No mention of the difference between how we act at home with family versus with strangers. She’s set up a false dichotomy to accentuate a point that’s probably not worth making. Or if she wants to make a point it should be this one that I’ve just highlighted. If course she’s feeling inadequate. I’ll bet G. P. does too, particularly after the writer leaves and she doesn’t have to put her best face on.
August 06, 2018 at 03:46PM

After a few too many cultural firestorms, and with investors to think about, G.P. made some changes. Goop has hired a lawyer to vet all claims on the site. It hired an editor away from Condé Nast to run the magazine. It hired a man with a Ph.D. in nutritional science, and a director of science and research who is a former Stanford professor. And in September, Goop, sigh, is hiring a full-time fact-checker. G.P. chose to see it as “necessary growing pain.”  
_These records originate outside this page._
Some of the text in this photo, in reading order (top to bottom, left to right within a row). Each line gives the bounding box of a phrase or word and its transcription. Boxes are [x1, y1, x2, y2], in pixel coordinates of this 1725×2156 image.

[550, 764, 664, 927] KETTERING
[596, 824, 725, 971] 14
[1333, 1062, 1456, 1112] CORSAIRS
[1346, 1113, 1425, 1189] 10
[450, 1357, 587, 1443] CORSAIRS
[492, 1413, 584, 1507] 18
But only to protect investors… Not customers that they’ve been duping all along.
August 06, 2018 at 03:52PM

I once went to an internist twice, complaining of preternatural exhaustion, only to be told that I was depressed and sent home. On the third visit, she begrudgingly took my blood and called me later to even more begrudgingly apologize and tell me I had a surprising case of mononucleosis. I know women who’ve been dismissed by their doctors for being lazy and careless and depressed and downright crazy. Was it any wonder that they would start to   

Sample size of one in an anecdote is just rubbish.
August 06, 2018 at 03:54PM

I heard a rumor that she  

Don’t these types of things happen to EVERY celebrity?
August 06, 2018 at 03:58PM

People think they want celebrities to speak honestly, but we’re not really that happy when they do.  

Definition of celebrity: one who is coddled and rarely said no to.